▶ _GIVEN ENTRIES_:
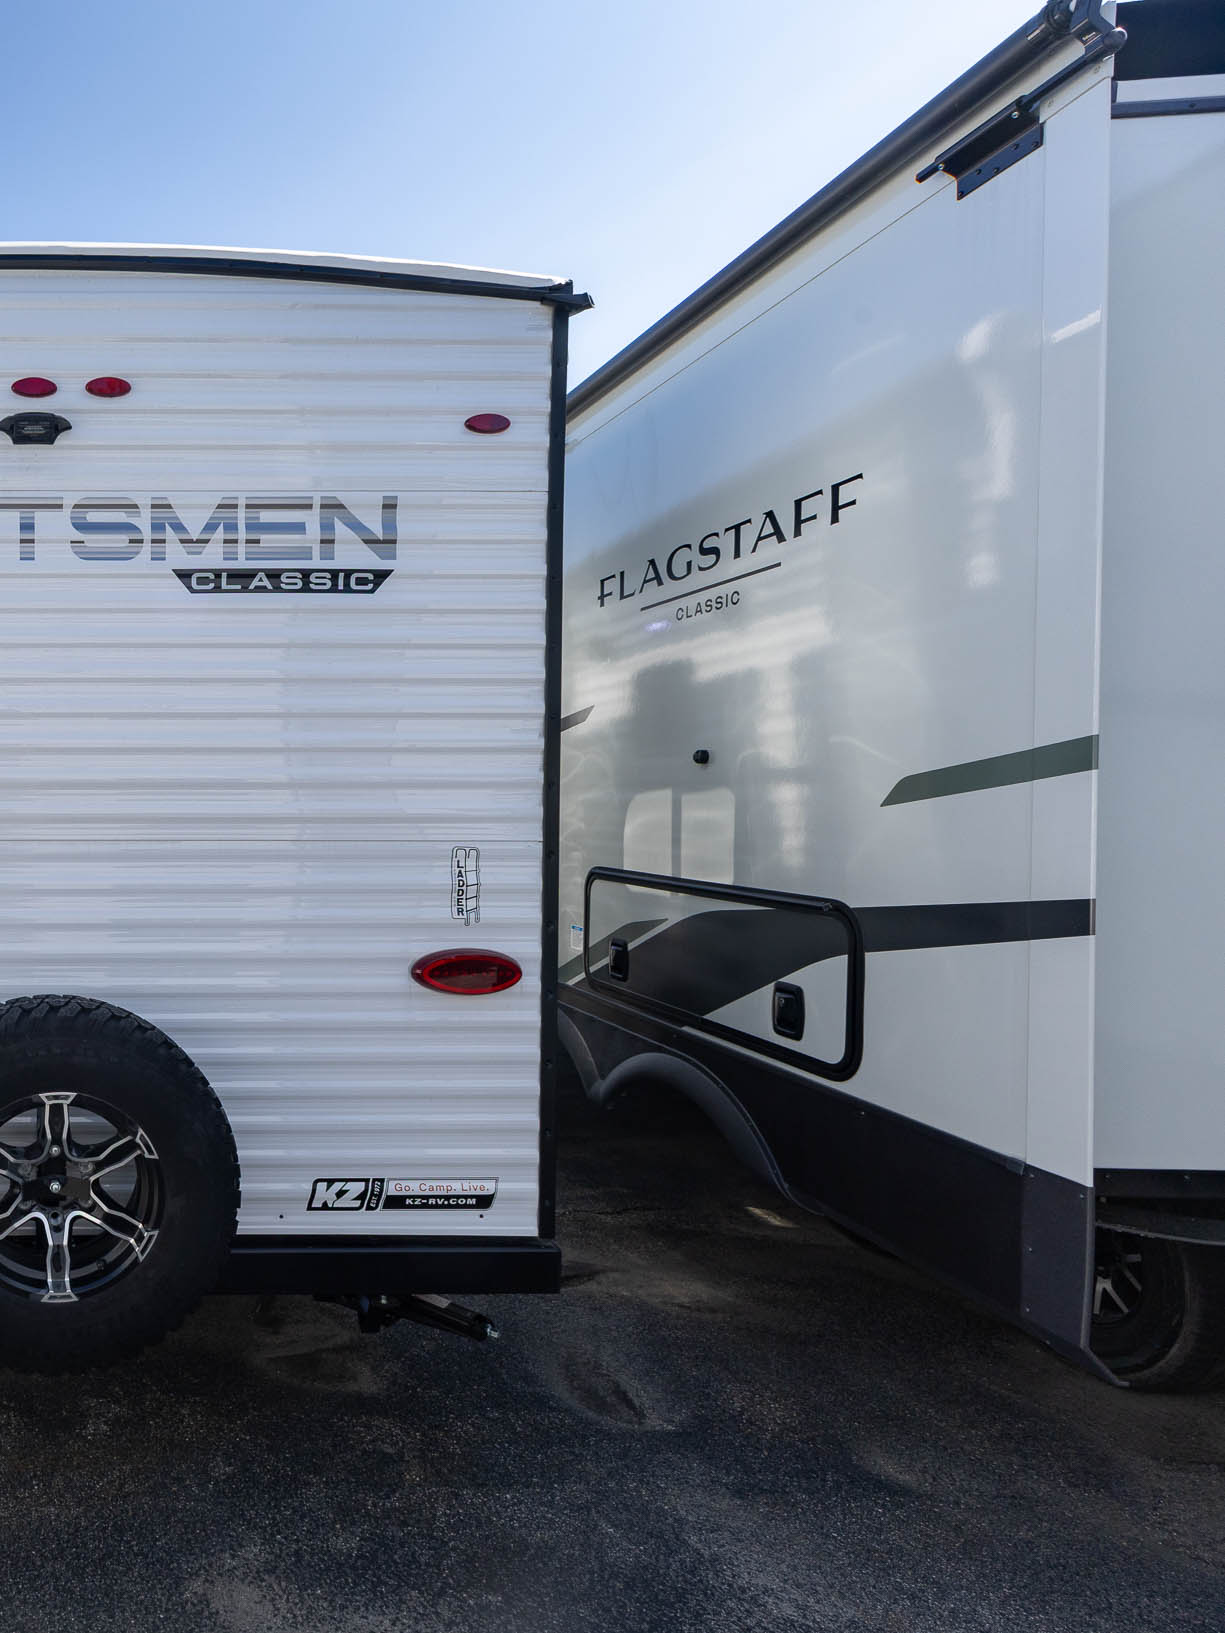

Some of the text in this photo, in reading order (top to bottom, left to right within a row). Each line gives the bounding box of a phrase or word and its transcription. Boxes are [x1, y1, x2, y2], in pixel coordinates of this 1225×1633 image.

[597, 472, 864, 608] FLAGSTAFF
[191, 571, 376, 592] CLASSIC
[675, 590, 741, 622] CLASSIC
[456, 859, 465, 916] LADDER
[311, 1181, 364, 1208] KZ
[394, 1182, 490, 1193] Go. Camp. Live.

▶ _PROBLEM_: Nothing in the records should be changed in the copy, but the pictures must be left out.

▶ _SOLUTION TO THE EXERCISE_:
Some of the text in this photo, in reading order (top to bottom, left to right within a row). Each line gives the bounding box of a phrase or word and its transcription. Boxes are [x1, y1, x2, y2], in pixel coordinates of this 1225×1633 image.

[597, 472, 864, 608] FLAGSTAFF
[191, 571, 376, 592] CLASSIC
[675, 590, 741, 622] CLASSIC
[456, 859, 465, 916] LADDER
[311, 1181, 364, 1208] KZ
[394, 1182, 490, 1193] Go. Camp. Live.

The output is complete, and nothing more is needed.